Archive for December, 2017
A Prenuptial Agreement is a contract made in anticipation of marriage and can resolve many of the financial issues surrounding the parties (the two spouses) in the event of divorce and death. A Prenuptial Agreement cannot resolve child custody issues or the amount of child support, which would be decided by a divorce court.
Prenuptial Agreements can give one or both of the parties ease of mind in entering into a marriage. Even with a Prenuptial Agreement, the parties are free to make arrangements to the other party which are more generous than provided in the Prenuptial Agreement or can make bequests in a Will which are greater than that provided in a Prenuptial Agreement.

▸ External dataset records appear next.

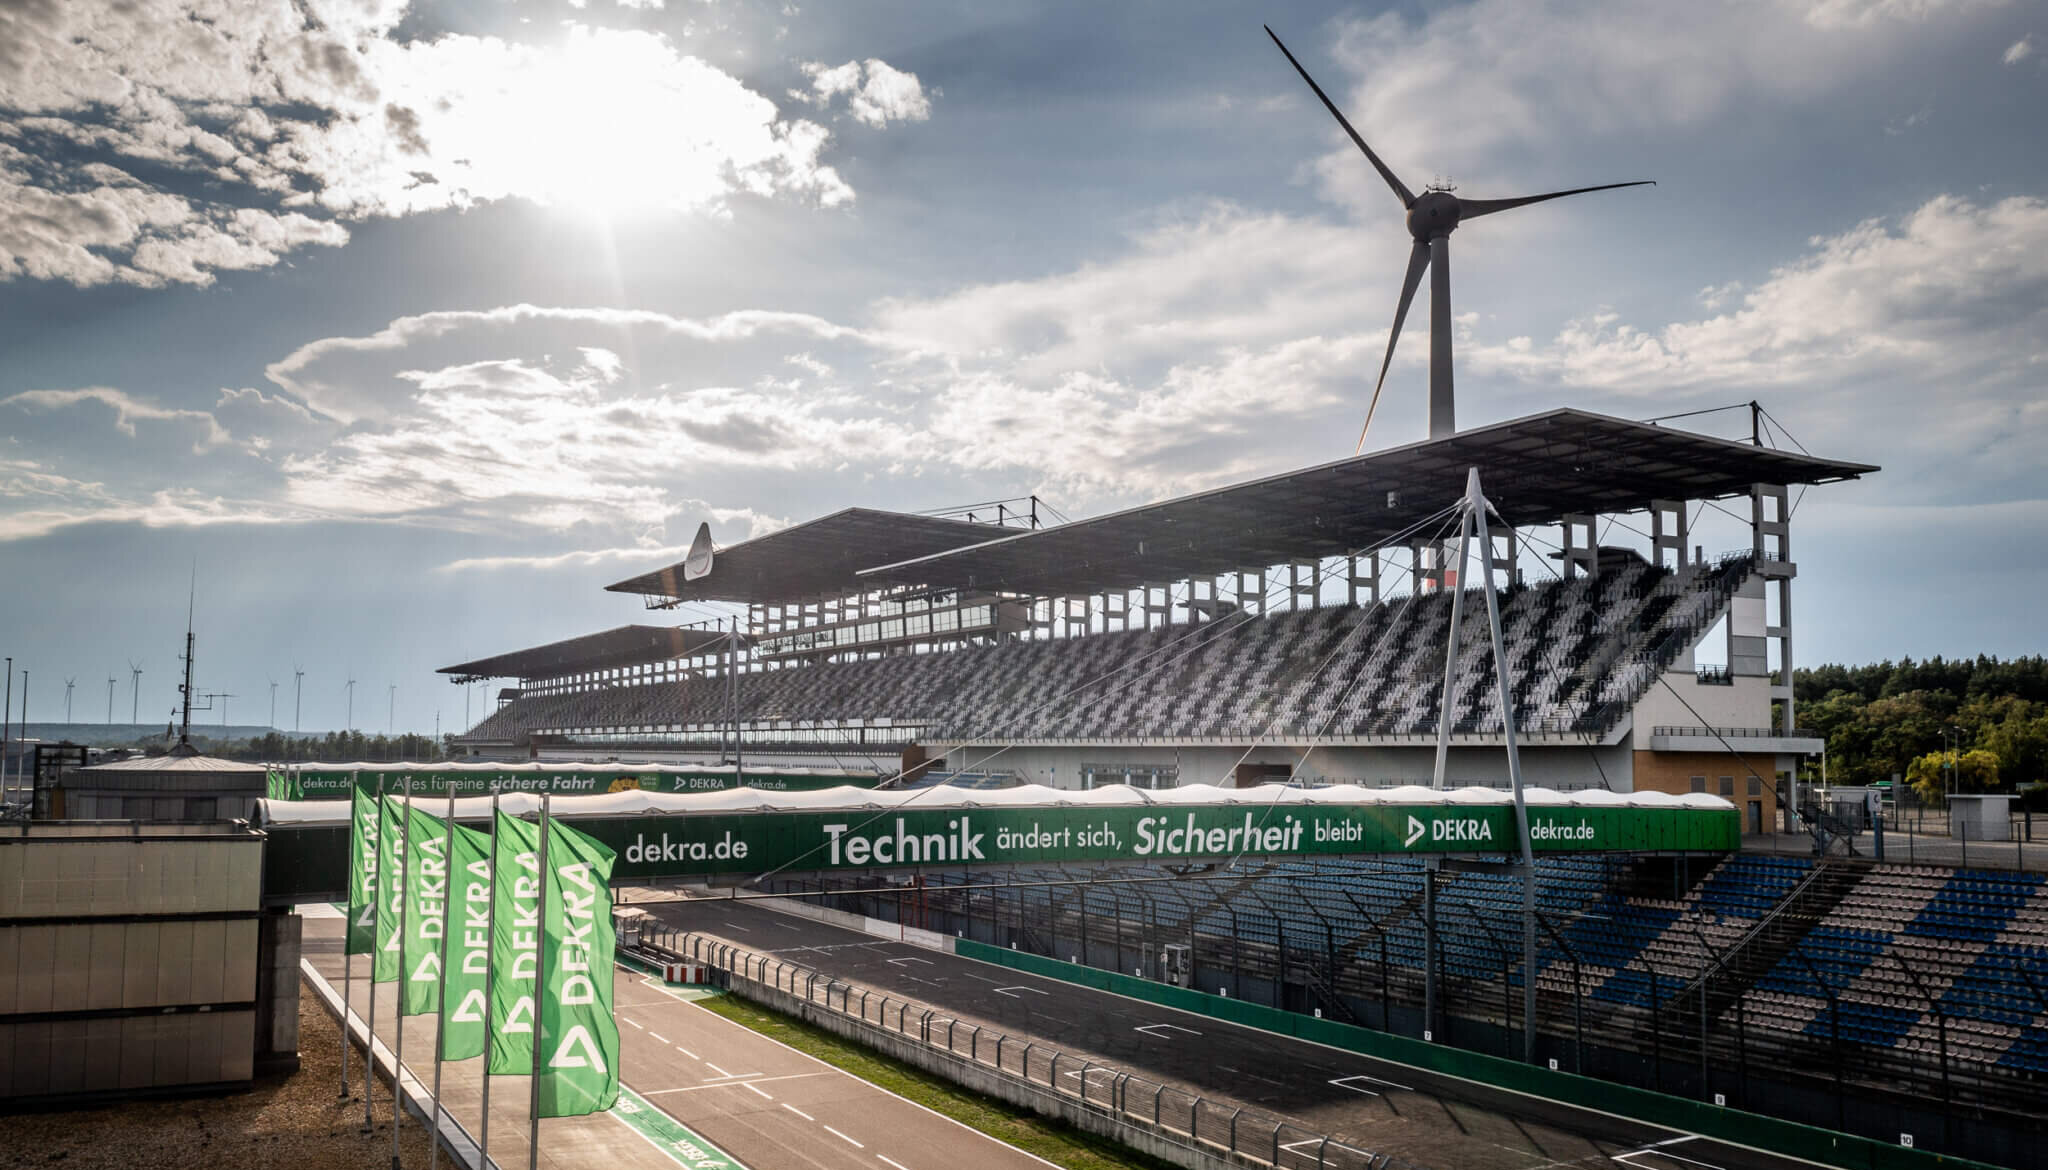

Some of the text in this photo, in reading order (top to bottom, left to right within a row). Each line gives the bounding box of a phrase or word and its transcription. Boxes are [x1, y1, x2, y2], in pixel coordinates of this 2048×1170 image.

[392, 776, 427, 790] Aes
[456, 777, 485, 790] eine
[489, 775, 548, 789] sichere
[552, 776, 596, 789] Fahrt
[690, 778, 725, 789] DEKRA
[747, 779, 787, 790] dekra.de
[823, 812, 1363, 865] Technik ändert sich, Sicherheit bleibt
[1433, 818, 1492, 841] DEKRA
[1530, 818, 1595, 840] dekra.de
[626, 831, 748, 864] dekra.de
[419, 836, 446, 939] DEKRA
[463, 858, 491, 974] DEKRA
[512, 850, 540, 979] DEKRA
[559, 861, 596, 1006] DEKRA
[1902, 1135, 1911, 1145] 10

The Prenuptial Agreement can be of vital importance for mature couples who have previously been married with minor or adult children of a prior marriage to whom they wish to leave the bulk of their property. The existence of a Prenuptial Agreement can also allow these adult children to be much more welcoming to a new step-parent, knowing that there is a valid Prenuptial Agreement in place which provides for them notwithstanding the subsequent marriage of their parent.
In negotiating the terms of the Prenuptial Agreement, it is important for the parties to directly address together what each party is to receive in the event of divorce and death.

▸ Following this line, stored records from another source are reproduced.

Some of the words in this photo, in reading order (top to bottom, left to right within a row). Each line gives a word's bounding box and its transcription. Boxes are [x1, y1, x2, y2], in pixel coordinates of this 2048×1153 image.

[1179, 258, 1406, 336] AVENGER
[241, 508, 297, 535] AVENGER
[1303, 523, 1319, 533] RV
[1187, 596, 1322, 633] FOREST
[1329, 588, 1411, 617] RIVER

Prenuptial Agreements can be enforceable in Georgia. In determining whether a Prenuptial Agreement is enforceable in a particular case, the court will employ 3 criteria:
(1) Was the Prenuptial Agreement obtained through fraud, duress or mistake, or through misrepresentation or non-disclosure of material facts?

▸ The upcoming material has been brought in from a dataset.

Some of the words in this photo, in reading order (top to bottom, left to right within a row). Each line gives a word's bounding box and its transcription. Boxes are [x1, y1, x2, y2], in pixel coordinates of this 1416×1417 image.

(2) Is the Prenuptial Agreement unconscionable?
(3) Have the facts or circumstances changed since the Prenuptial Agreement was signed, so as to make its enforceablilty unfair and unreasonable?
The leading case in Georgia determining that Prenuptial Agreements can be enforceable in Georgia is Scherer v. Scherer, 249 Ga. 635, 292 S.E.2d 662 (1982).
A Prenuptial Agreement should contain a full and fair disclosure of all material facts and each party’s property, assets, and income as exhibits. Each party to a Prenuptial Agreement should have his or her own attorney. It is not uncommon for the party having the greater assets to pay for the other party’s attorney.